**PROMPT**
Copy out every entry that follows, without a single picture.

**EXERCISE INPUTS**
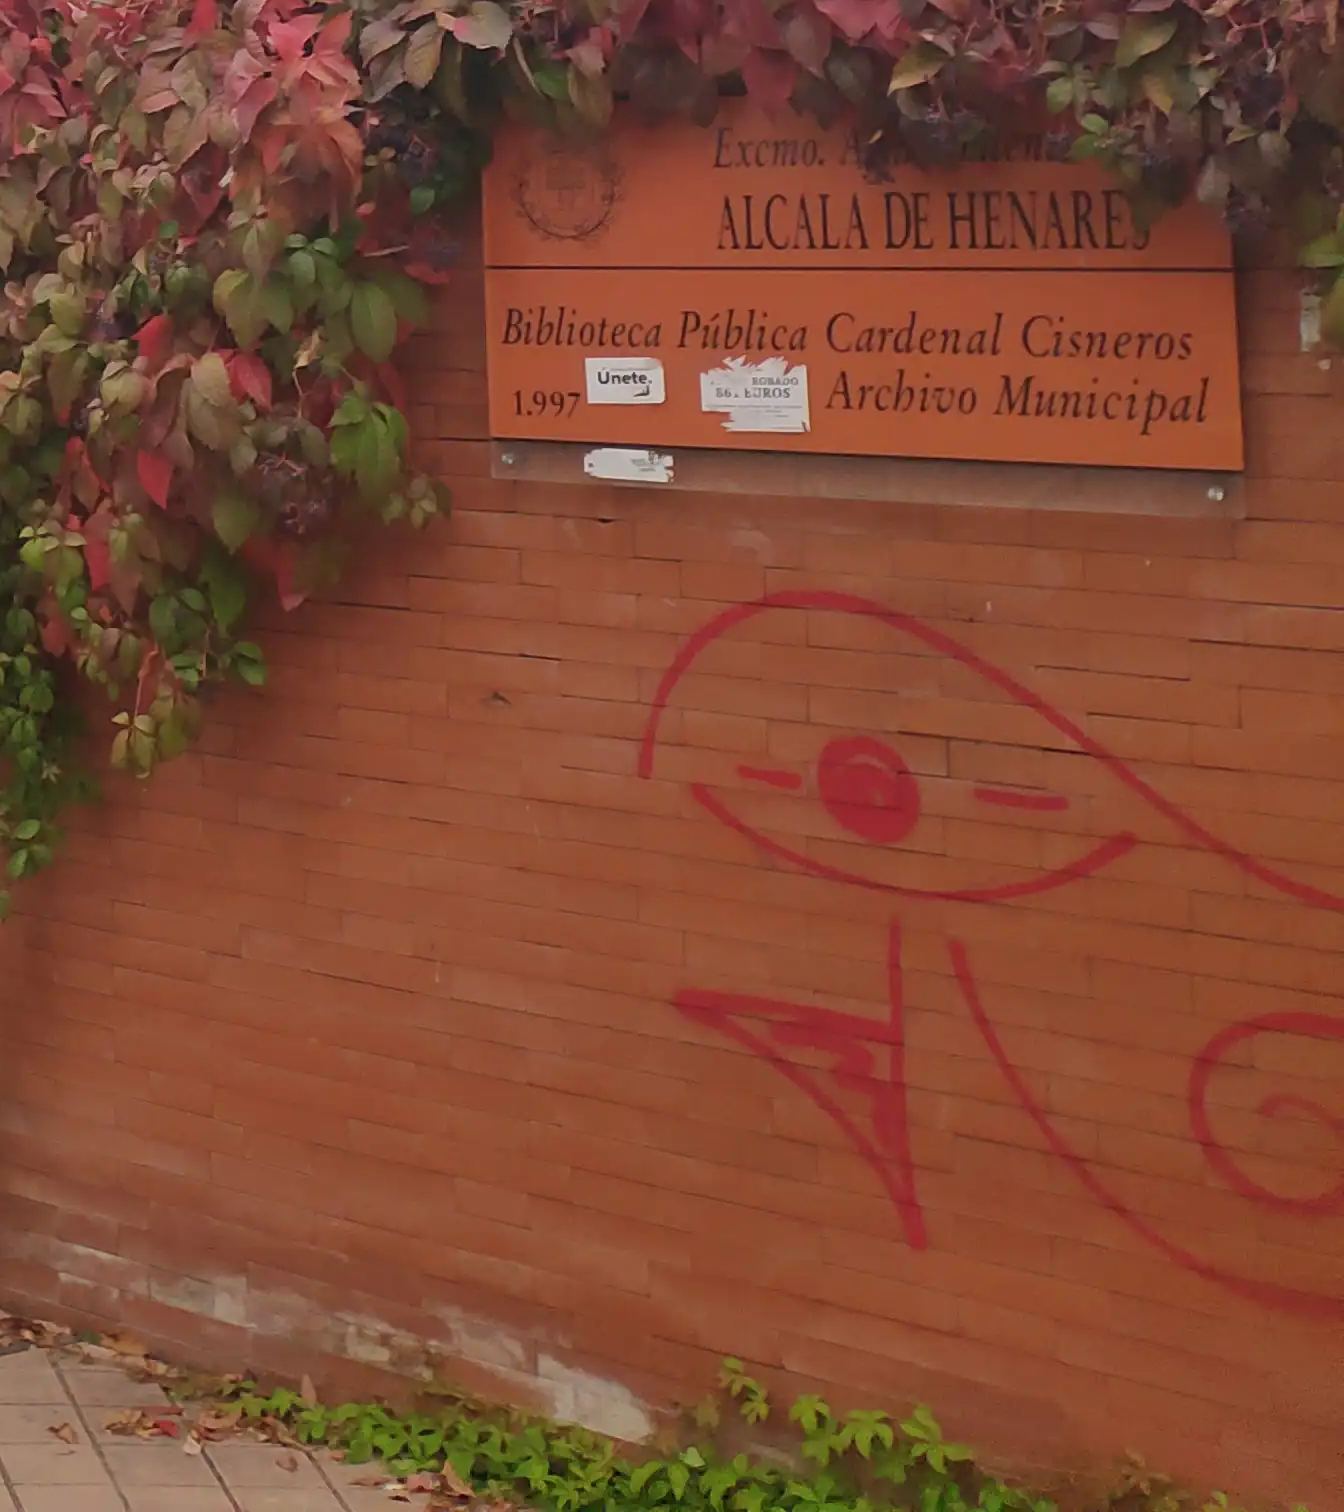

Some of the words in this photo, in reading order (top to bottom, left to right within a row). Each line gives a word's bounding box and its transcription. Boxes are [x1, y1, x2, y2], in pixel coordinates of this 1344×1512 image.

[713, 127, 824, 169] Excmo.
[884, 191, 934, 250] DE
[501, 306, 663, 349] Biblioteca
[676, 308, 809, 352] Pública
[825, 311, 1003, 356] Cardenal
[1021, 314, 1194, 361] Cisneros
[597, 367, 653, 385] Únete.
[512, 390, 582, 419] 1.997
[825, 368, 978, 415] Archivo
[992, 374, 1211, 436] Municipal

**RESPONSE**
Some of the words in this photo, in reading order (top to bottom, left to right within a row). Each line gives a word's bounding box and its transcription. Boxes are [x1, y1, x2, y2], in pixel coordinates of this 1344×1512 image.

[713, 127, 824, 169] Excmo.
[884, 191, 934, 250] DE
[501, 306, 663, 349] Biblioteca
[676, 308, 809, 352] Pública
[825, 311, 1003, 356] Cardenal
[1021, 314, 1194, 361] Cisneros
[597, 367, 653, 385] Únete.
[512, 390, 582, 419] 1.997
[825, 368, 978, 415] Archivo
[992, 374, 1211, 436] Municipal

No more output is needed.